El rapto de Europa fue pintado entre 1559 y 1562, y es uno de los desnudos más perturbadores de todos los que pintó Tiziano en toda su vida. Quizás se deba a que está parcialmente cubierto por un velo y ese componente le agregue más erotismo a la imagen del seno desnudo y las piernas entreabiertas, en clara actitud de entrega, con una pose inestable y las carnes palpitantes, en una figura femenina mucho más rellena de lo que solía hacerlas el maestro.
El hecho que la mujer esté sometida al toro en el que se había metamorfoseado Júpiter, que solía darse todos los gustos, hacer realidad todas sus fantasías y concretar cualquier deseo que le pasara por la cabeza.
En el relato de Ovidio todo es muy preciso: Júpiter se había encaprichado con Europa, hija del rey de Tiro, por lo que decidió tomar la forma de un toro para poder acercársele mientras la doncella jugaba con sus amiguitas en la costa.
Parece ser que Europa era una jovencita cariñosa y querendona, por lo que no dudó en acercarse al animal que andaba por ahí, para juguetear un poquito aprovechando su mansedumbre y ponerle guirnaldas en los cuernos para luego montarla.
Lo que no imaginaba que el toro, una vez que la tuvo enancada, salió disparado hacia el mar y no dudó en transformarse en el primer toro anfibio, surcando raudamente las aguas del mar, llevándose raptada a la bella Europa hasta Creta.
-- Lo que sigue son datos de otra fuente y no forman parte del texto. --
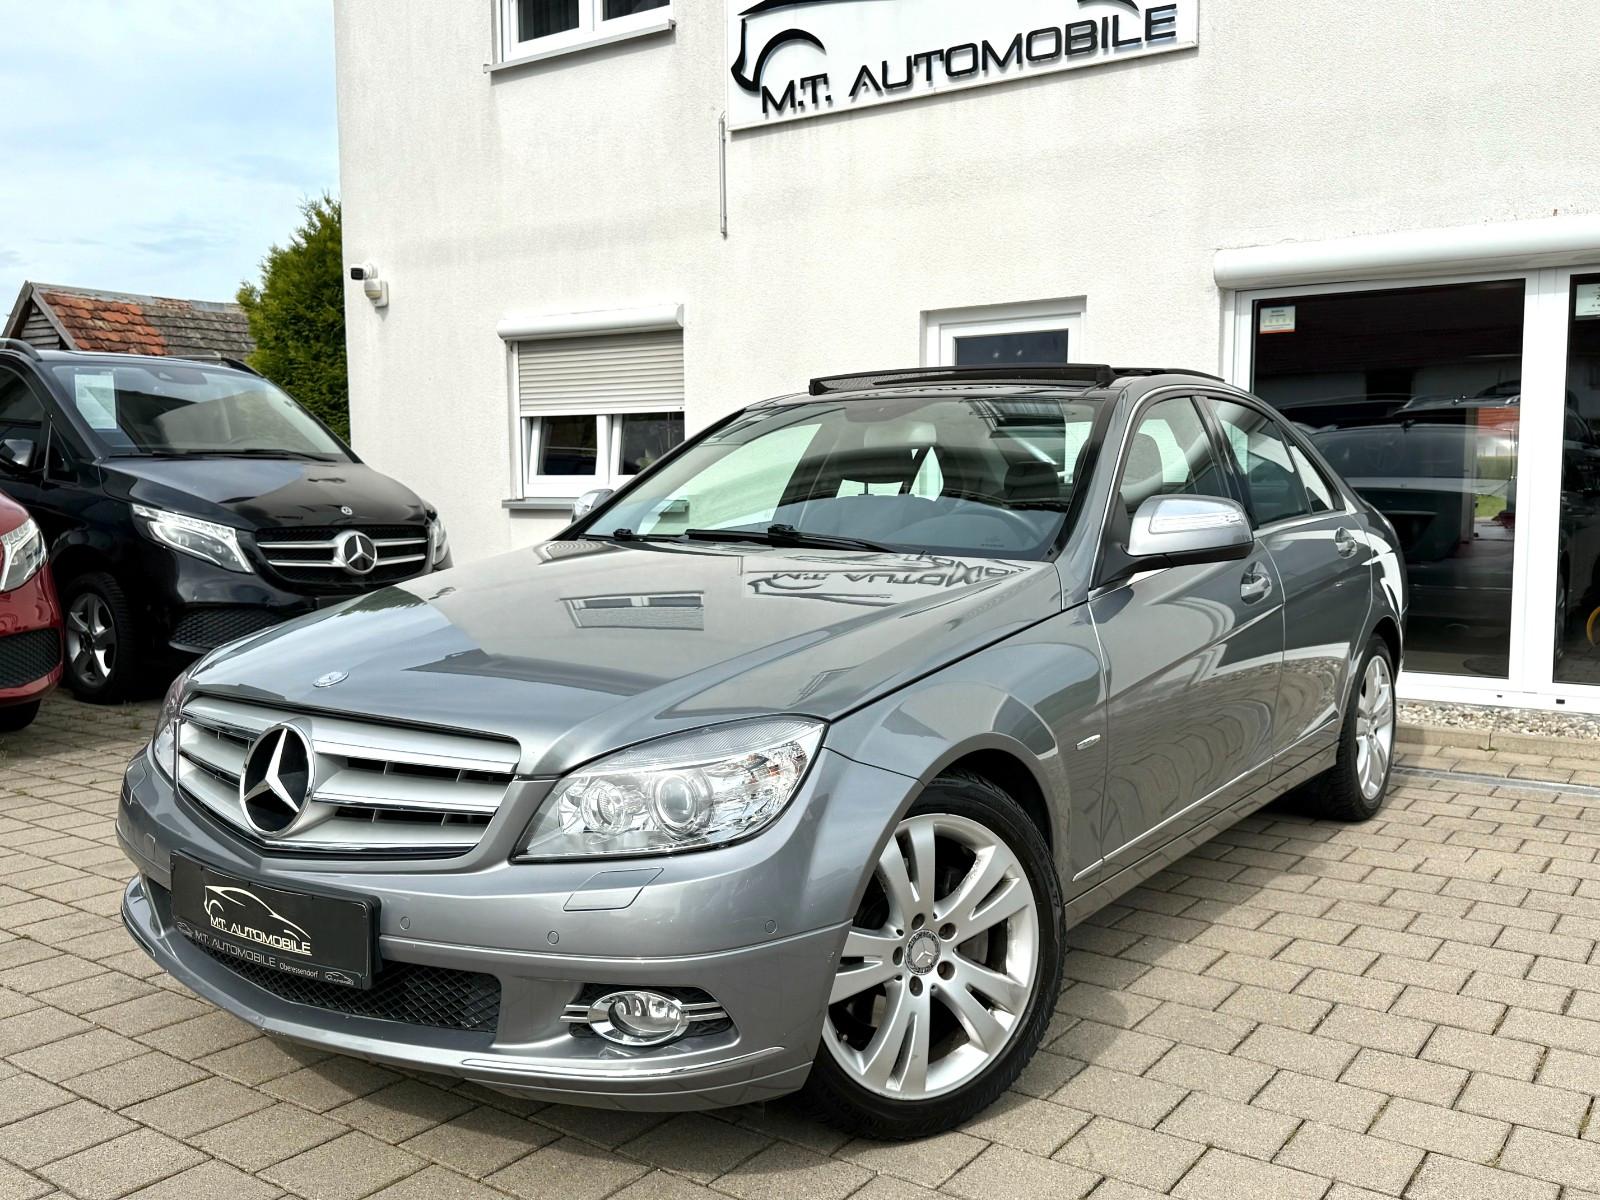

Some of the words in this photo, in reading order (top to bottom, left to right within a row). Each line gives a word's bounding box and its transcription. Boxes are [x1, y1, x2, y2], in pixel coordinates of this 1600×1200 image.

[762, 73, 832, 115] M.T.
[849, 4, 1177, 98] AUTOMOBILE
[211, 914, 228, 931] M.T.
[230, 922, 311, 954] AUTOMOBILE
[212, 938, 276, 967] AUTOMOBILE
[280, 962, 318, 978] Oberessendorf
Y una vez allí, la joven cambió el lugar, en vez de jinete se transformó en monta, porque el sicalíptico Júpiter se la montó y la poseyó a discreción.

Aunque, como mencionara, el relato en Las Metamorfosis es muy preciso, Tiziano no respetó las indicaciones del texto, porque en el cuadro su mano izquierda (y no la derecha) es la que agarra el asta del cuerno del toro, mientras la derecha sujeta un flammeum rojo, que era el velo de novia que solía usarse en la antigua Grecia. Más simbólico, imposible.
Otros símbolos de que Europa y Júpiter consumaron su unión son los putti, los angelotes que vuelan sobre la escena llevando en sus manos el arco y las flechas del amor y el paño que simboliza el ceñidor nupcial, que representaba la virginidad de la novia.
Un tercer putto, a horcajadas sobre un pez, se nos aparece burlón, como si estuviera mofándose del trance por el que Europa acaba de pasar, que se refleja en la expresión de su rostro –en sombras a excepción de los puntos luminosos que son sus ojos, que miran a los angelotes–, en una composición inconfundible por su dramatismo, acentuado por las lejanas compañeras de la doncella raptada, que desde la costa lejana levantan sus brazos y dejan flamear sus telas, como expresión del desconsuelo que sienten por lo sucedido.
Personalmente, me hubiera gustado ver la cara del príncipe al recibir este lienzo y haberme quedado a solas en la recámara sin que él lo advirtiera para observar su reacción. Para quienes puedan, esta obra se puede ver en la Isabella Stewart Gardner Collection, en Boston.